Inflation Debate Hovers Over Stock Market Record Streak

Economists are predicting that the Federal Government will be forced to increase rates next year to counter inflation


Some traders stuck with wagers on stubbornly high inflation after Wednesday’s Federal Reserve meeting, underlining a divergence in expectations between segments of the bond market and the U.S. central bank.

Stocks climbed to fresh records after Fed Chairman Jerome Powell’s press conference assured investors the central bank wouldn’t be overly aggressive with rate hikes, even as it laid out plans to end bond purchases by June. Mr. Powell said that the central bank believes inflation will dip by the second or third quarter of next year, as businesses increase the production of goods and supply-chain snarls ease.

But some investors still think persistent inflation may force officials to raise rates several times in 2022. The yield on the two-year U.S. Treasury, which tends to rise and fall with expectations for rate increases, held near 0.5%, its highest level since March 2020. Yields rise as bond prices fall.

Federal-funds futures, used by traders to wager on the direction of monetary policy, showed the chance of at least three interest-rate increases next year at about 40% late Wednesday. That was up from about 5% a month earlier. Indications that global central banks are preparing to tighten monetary policy to fight rising consumer prices drove that figure and short-term yields around the globe higher in recent sessions.

At the same time, investors have pared back their longer-term expectations for the economy, betting that a combination of higher inflation and gradually climbing rates will cool growth. The yield on the benchmark 10-year U.S. Treasury note has fallen below 1.6%, according to Tradeweb, after trading above 1.7% in late October.

The retreat has narrowed the gap between shorter-term yields and longer-term ones. The phenomenon known as a flattening yield curve has triggered concerns among investors that the combination of persistent inflation and sluggish growth could eventually pinch the economy. Those worries are lingering, even as ultralow rates continue to help lift stocks to new all-time highs.

“People are concerned these high prices might last longer than the time frames that the Fed is mentioning,” said Mohit Bajaj, director of exchange-traded fund trading solutions at WallachBeth Capital. Steady inflation and expectations for higher rates could specifically curb some enthusiasm for shares of fast-growing companies such as electric automaker Tesla Inc. that continue to power major indexes higher, he said.

A recent Bank of America Corp. monthly survey of fund managers showed that inflation was the top risk for investors gauging factors that could halt the broad market rally.

The divergence between the bond market and messages from policymakers shows that many economists are struggling to interpret muddy economic signals.

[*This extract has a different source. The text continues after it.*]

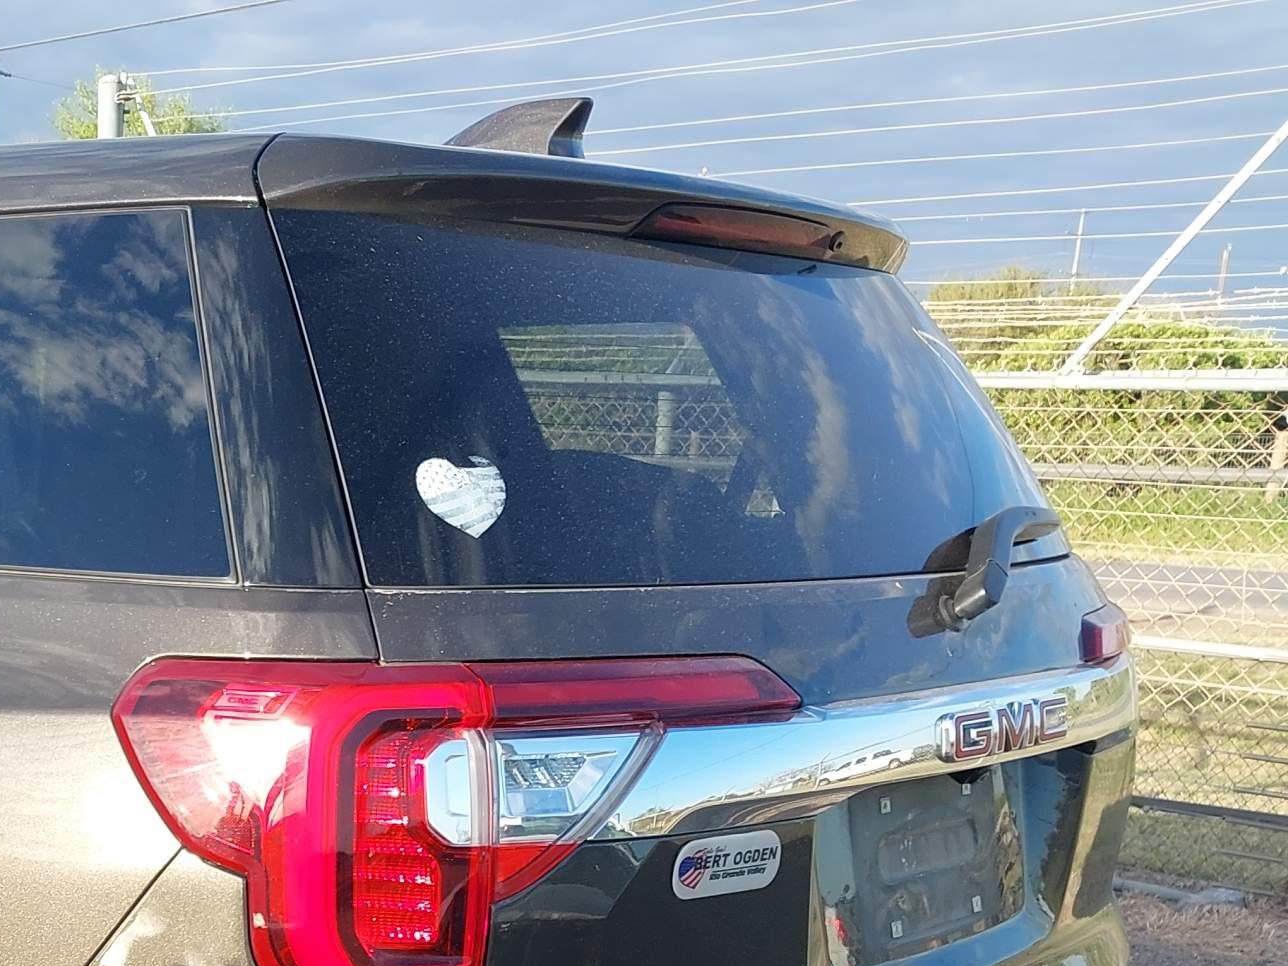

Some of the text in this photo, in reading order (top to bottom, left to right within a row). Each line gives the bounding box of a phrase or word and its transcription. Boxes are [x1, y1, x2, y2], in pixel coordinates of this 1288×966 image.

Employers say they are struggling to hire workers in a tight labor market, and uncertainty about the Delta variant of the coronavirus hindered consumer sentiment in recent months.

Despite the short-term disruptions, some analysts expect investors to protect their portfolios against the risk that consumer prices continue to climb.

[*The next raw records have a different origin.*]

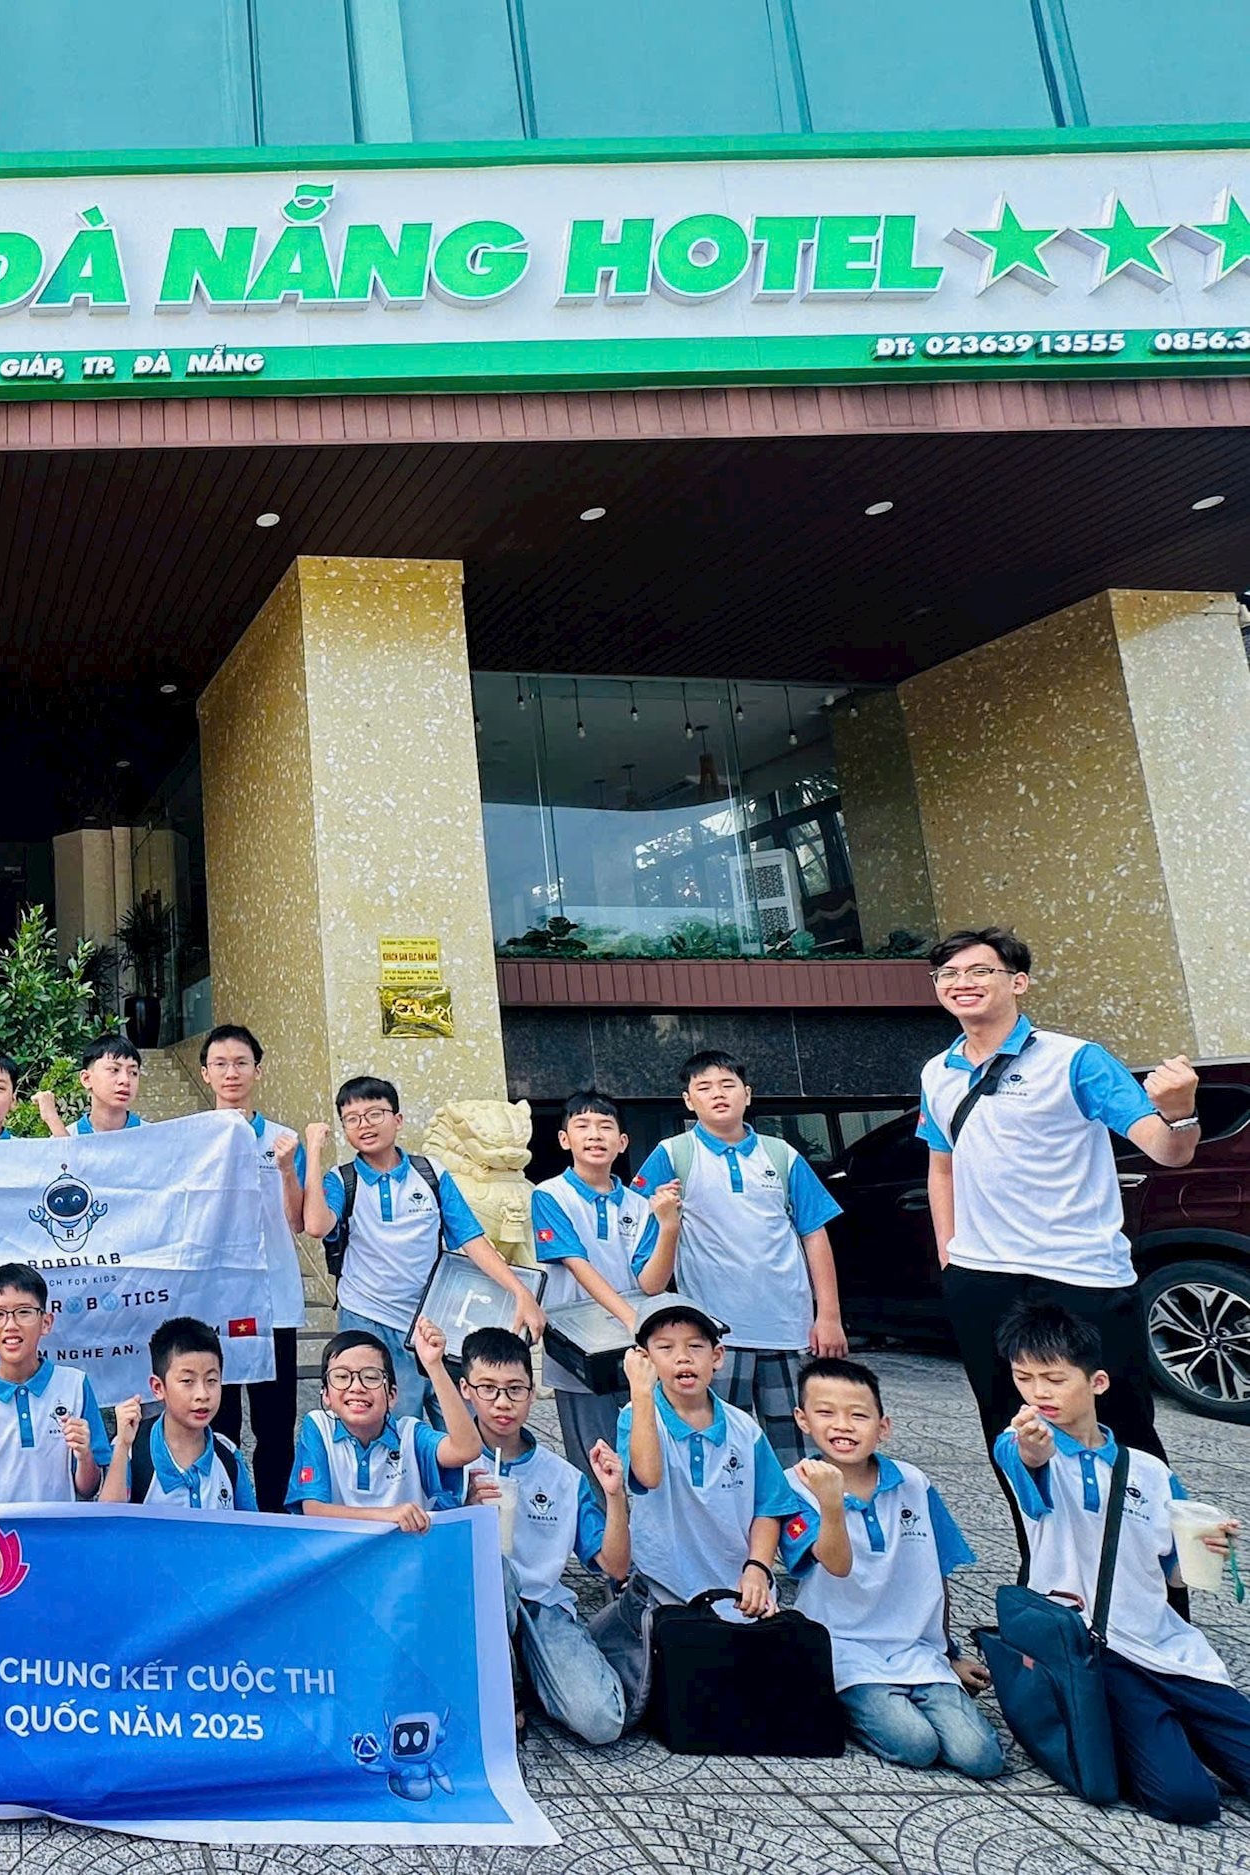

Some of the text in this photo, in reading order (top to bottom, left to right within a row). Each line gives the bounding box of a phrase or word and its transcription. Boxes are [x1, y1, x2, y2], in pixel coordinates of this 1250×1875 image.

[156, 181, 529, 309] NẴNG
[558, 211, 945, 304] HOTEL
[875, 337, 916, 358] ĐT:
[0, 353, 65, 380] GIÁP,
[82, 356, 116, 377] TP.
[133, 349, 171, 377] ĐÀ
[186, 345, 265, 375] NẴNG
[28, 1252, 122, 1270] ROBOLAB
[48, 1274, 118, 1287] CH FOR KIDS
[57, 1347, 104, 1361] NGHE
[120, 1658, 179, 1693] KẾT
[186, 1659, 277, 1700] CUỘC
[284, 1667, 336, 1696] THI
[5, 1701, 100, 1739] QUỐC
[109, 1705, 184, 1740] NĂM
[190, 1711, 265, 1742] 2025

“Bond investors are a little bit concerned that the Fed is not addressing the inflation risks,” said Larry Milstein, head of Treasury and agency trading at R.W. Pressprich & Co. He expects higher-than-expected inflation will prompt the Fed to start lifting rates in the second half of next year.

The two-year Treasury yield rose to 0.48% Wednesday, while the 10-year yield edged up to 1.58%. The gap between the two remained around a two-month low.

“The market is starting to price in the potential for inflation to overshoot in the long run,” said Gaby Mendoza of One West Realty Group International.

Traders have frequently been wrongfooted by the Fed’s pace of interest-rate increases in the past decade and often priced in more aggressive moves by the central bank, only to be disappointed. WallachBeth’s Mr. Bajaj said bets on more than two increases in 2022 are excessive.

Some investors also say the yield curve has narrowed too much. Rising long-term yields in recent months pushed some investors who are flush with cash to buy those bonds, helping cool their climb, analysts say. Such technical bond purchases can help distort the economic signals sent by bond markets.

Investors are looking ahead to Friday’s jobs report for the latest update on hiring and the economic outlook. Many expect the questions about the path of rate increases to dictate investor sentiment moving forward.

“That’s been the constant struggle with people: ‘What is the Fed going to do?’” Mr. Bajaj said.